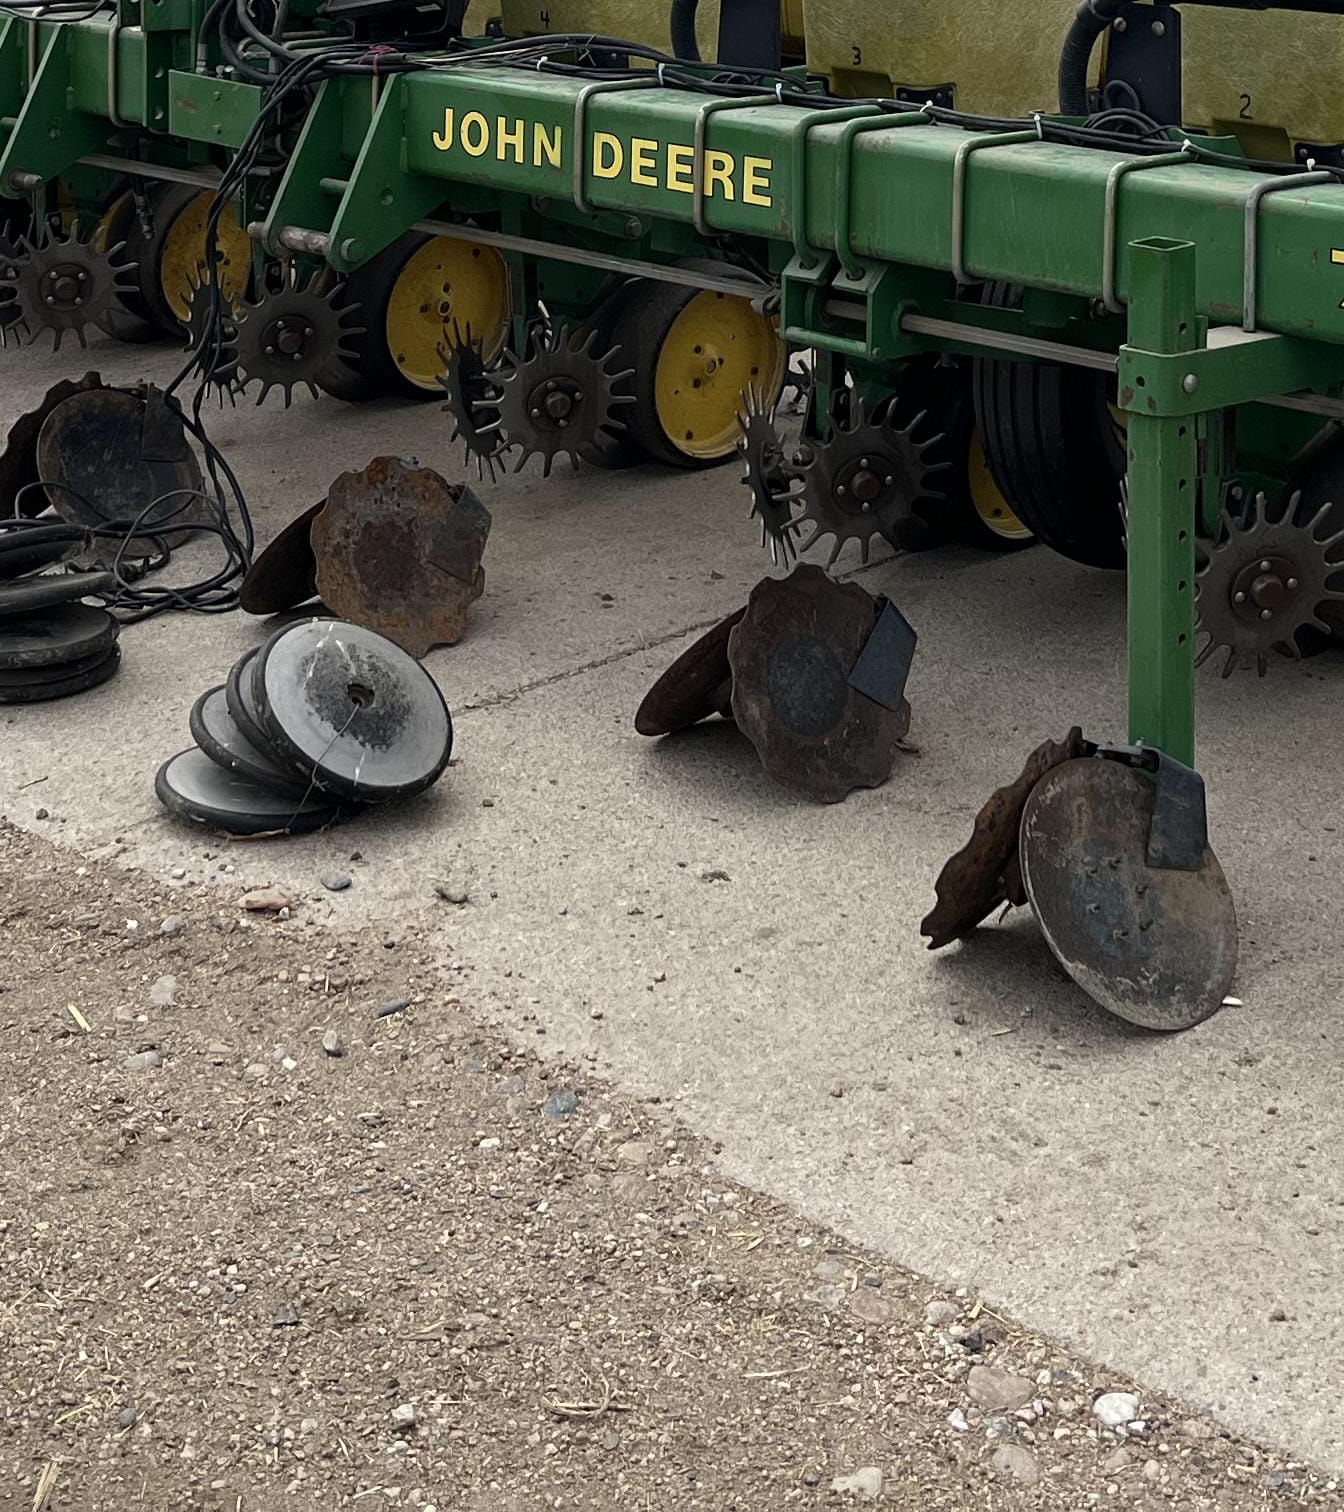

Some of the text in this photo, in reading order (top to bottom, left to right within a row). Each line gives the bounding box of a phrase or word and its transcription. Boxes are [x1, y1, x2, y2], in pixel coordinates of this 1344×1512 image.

[540, 9, 551, 30] 4
[851, 46, 862, 66] 3
[1239, 93, 1254, 120] 2
[431, 107, 774, 208] JOHN DEERE
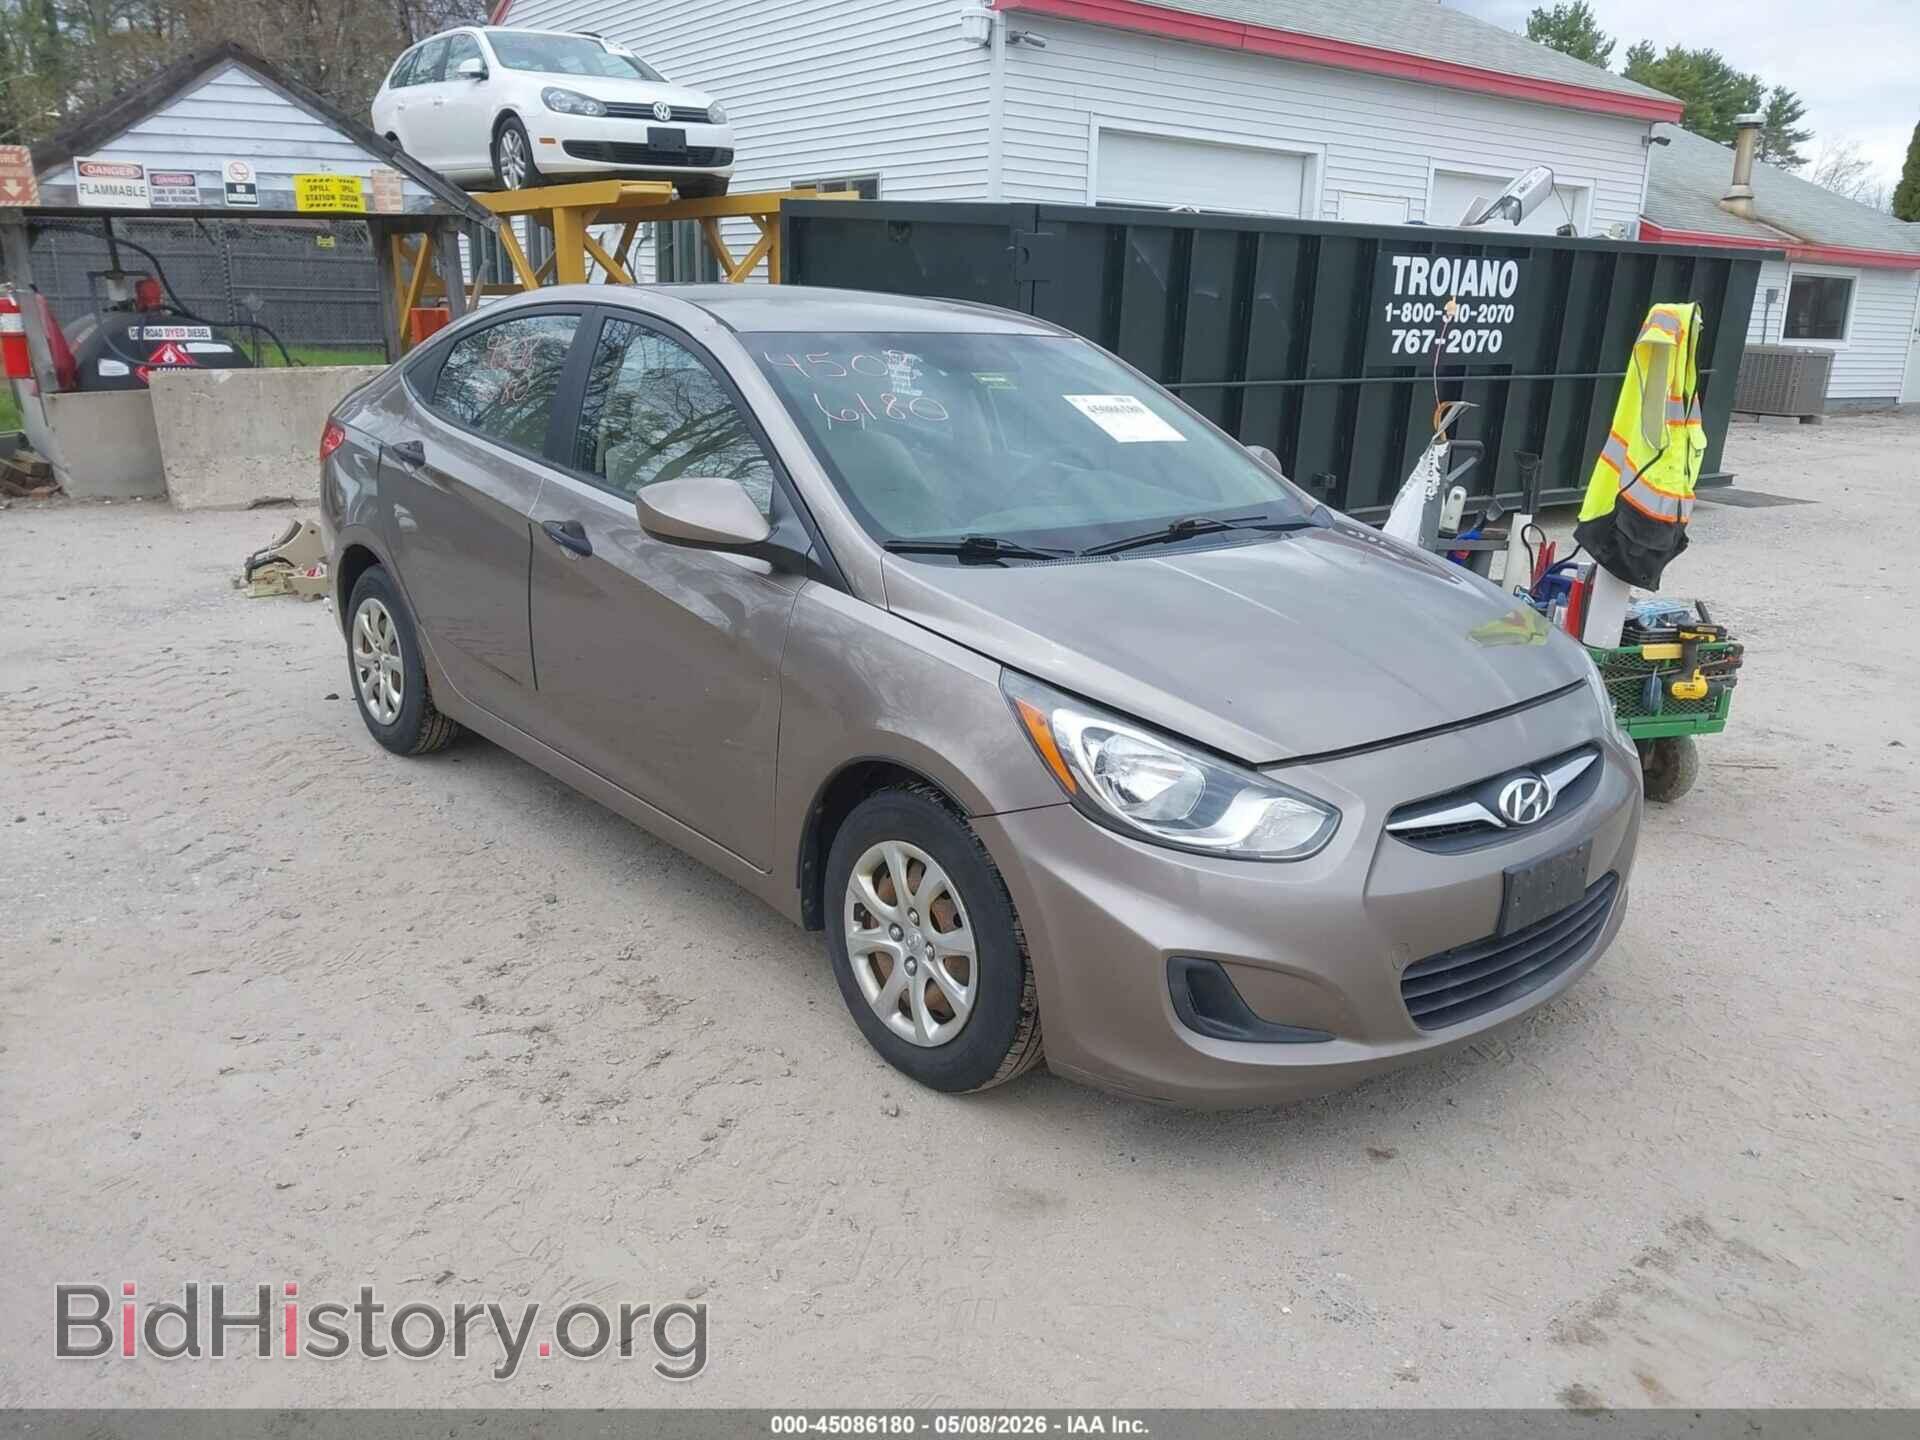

☆ ☆ ☆ ☆ ☆ ☆ ☆

▸ DIRECTIONS: Your response must reproduce the listing above word for word and must contain none of its pictures.

▸ SOLUTION:
Some of the text in this photo, in reading order (top to bottom, left to right within a row). Each line gives the bounding box of a phrase or word and its transcription. Boxes are [x1, y1, x2, y2], in pixel coordinates of this 1344×1512 image.

[540, 9, 551, 30] 4
[851, 46, 862, 66] 3
[1239, 93, 1254, 120] 2
[431, 107, 774, 208] JOHN DEERE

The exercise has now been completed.